## DESCRIPTION OF THE TASK
Reproduce each record below in full, word for word, without images.

## STUDY MATERIAL
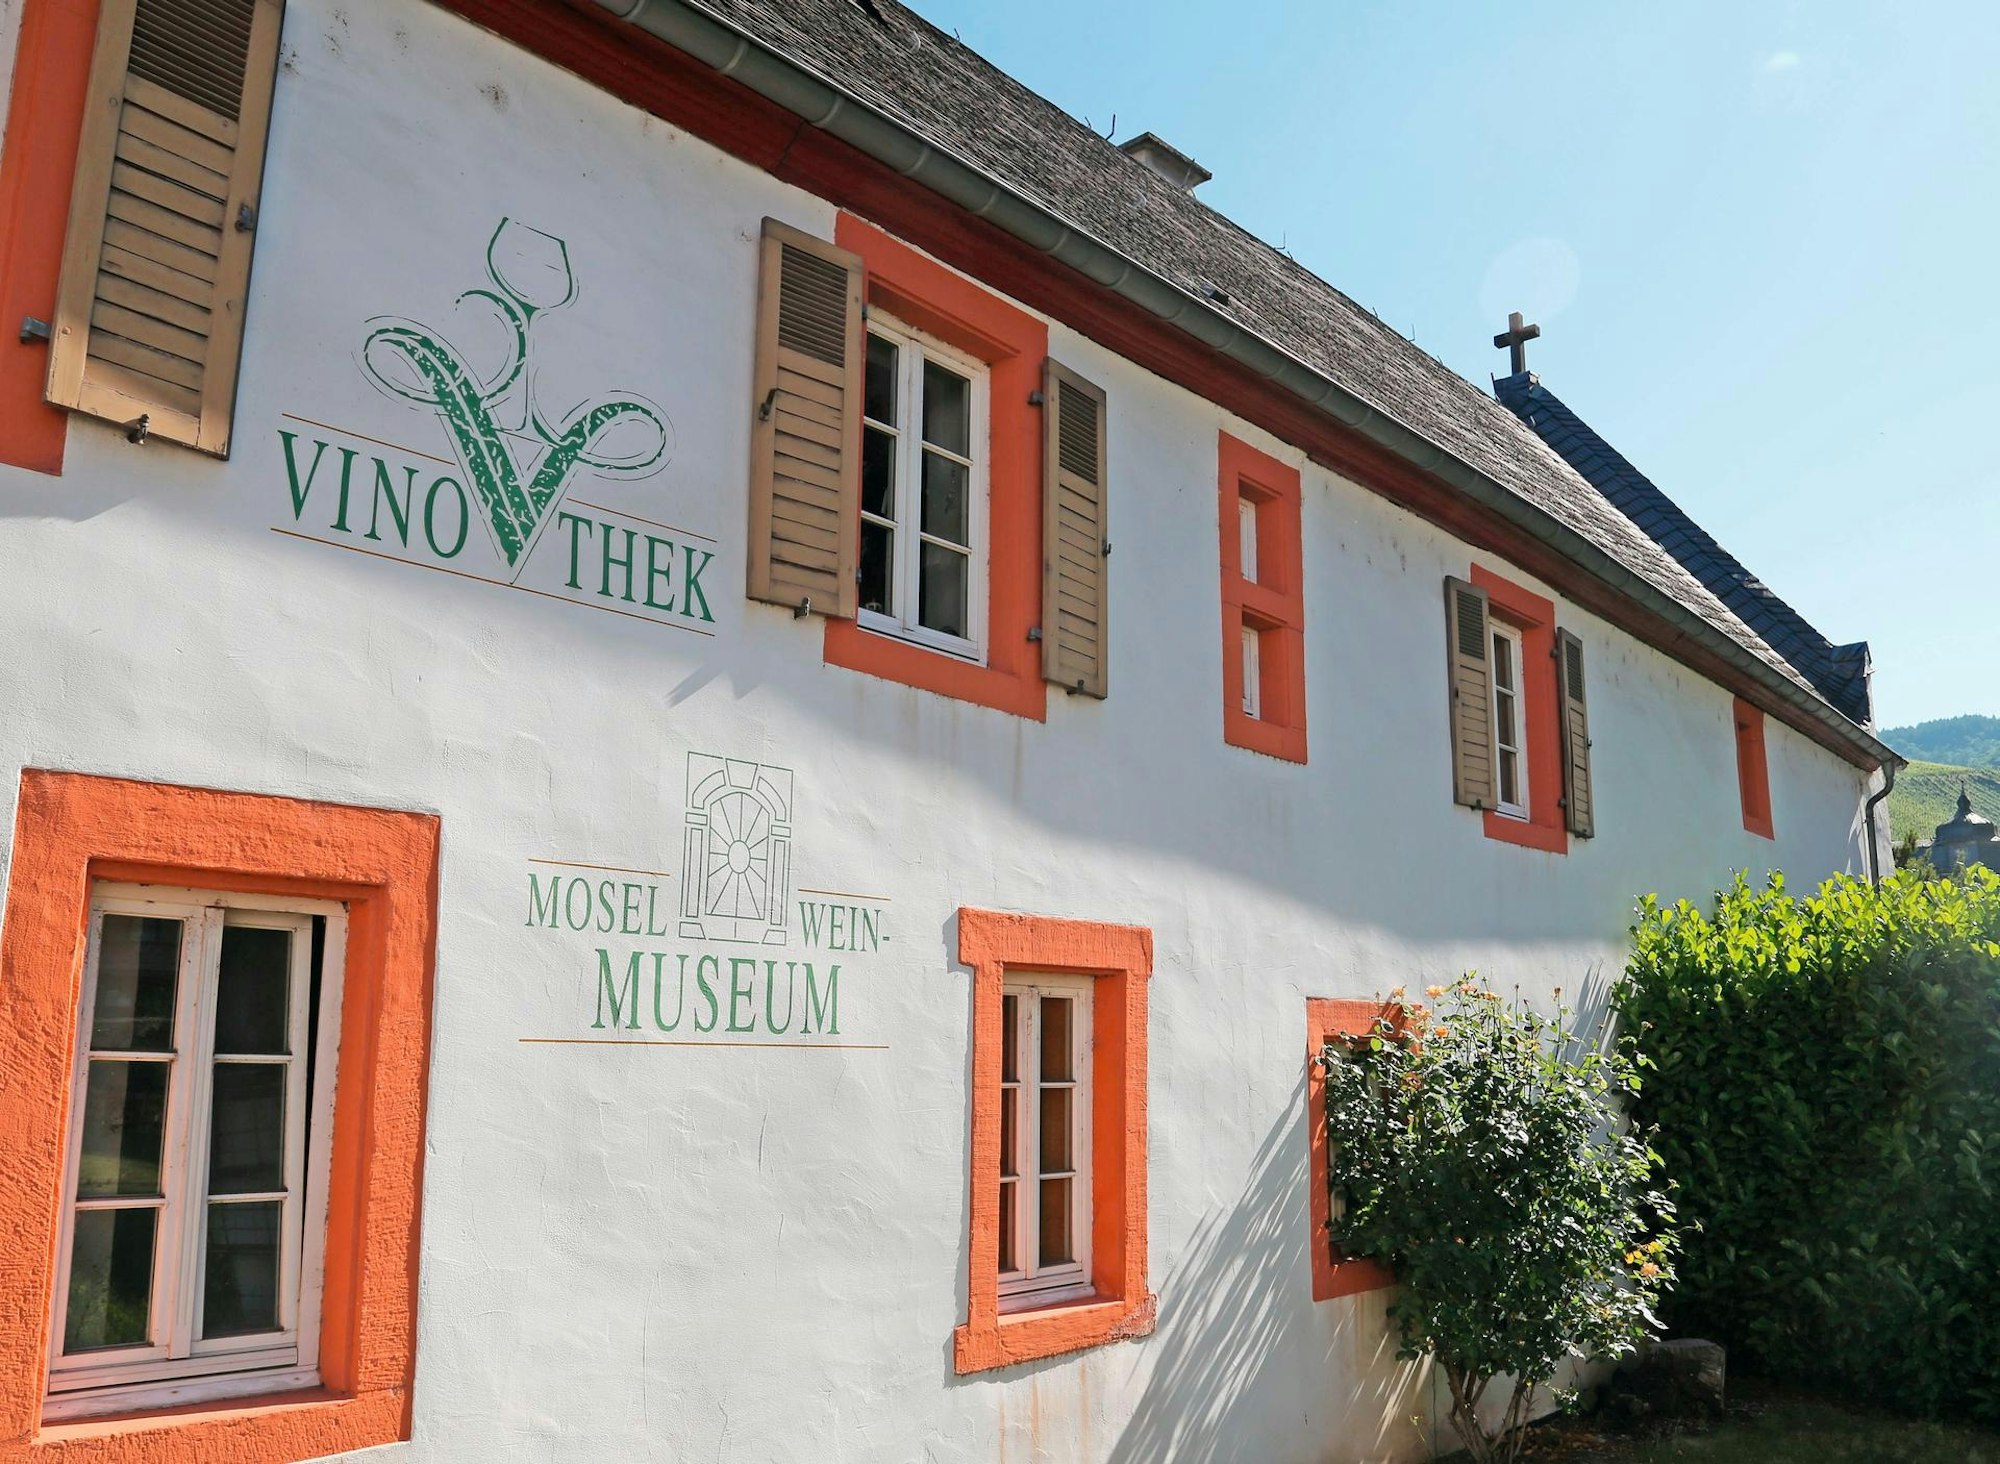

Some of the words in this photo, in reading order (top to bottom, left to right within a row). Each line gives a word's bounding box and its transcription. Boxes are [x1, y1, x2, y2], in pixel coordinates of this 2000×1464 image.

[277, 430, 469, 559] VINO
[557, 511, 716, 623] THEK
[524, 873, 668, 937] MOSEL
[798, 901, 890, 953] WEIN-
[590, 948, 842, 1035] MUSEUM

## FINAL ANSWER
Some of the words in this photo, in reading order (top to bottom, left to right within a row). Each line gives a word's bounding box and its transcription. Boxes are [x1, y1, x2, y2], in pixel coordinates of this 2000×1464 image.

[277, 430, 469, 559] VINO
[557, 511, 716, 623] THEK
[524, 873, 668, 937] MOSEL
[798, 901, 890, 953] WEIN-
[590, 948, 842, 1035] MUSEUM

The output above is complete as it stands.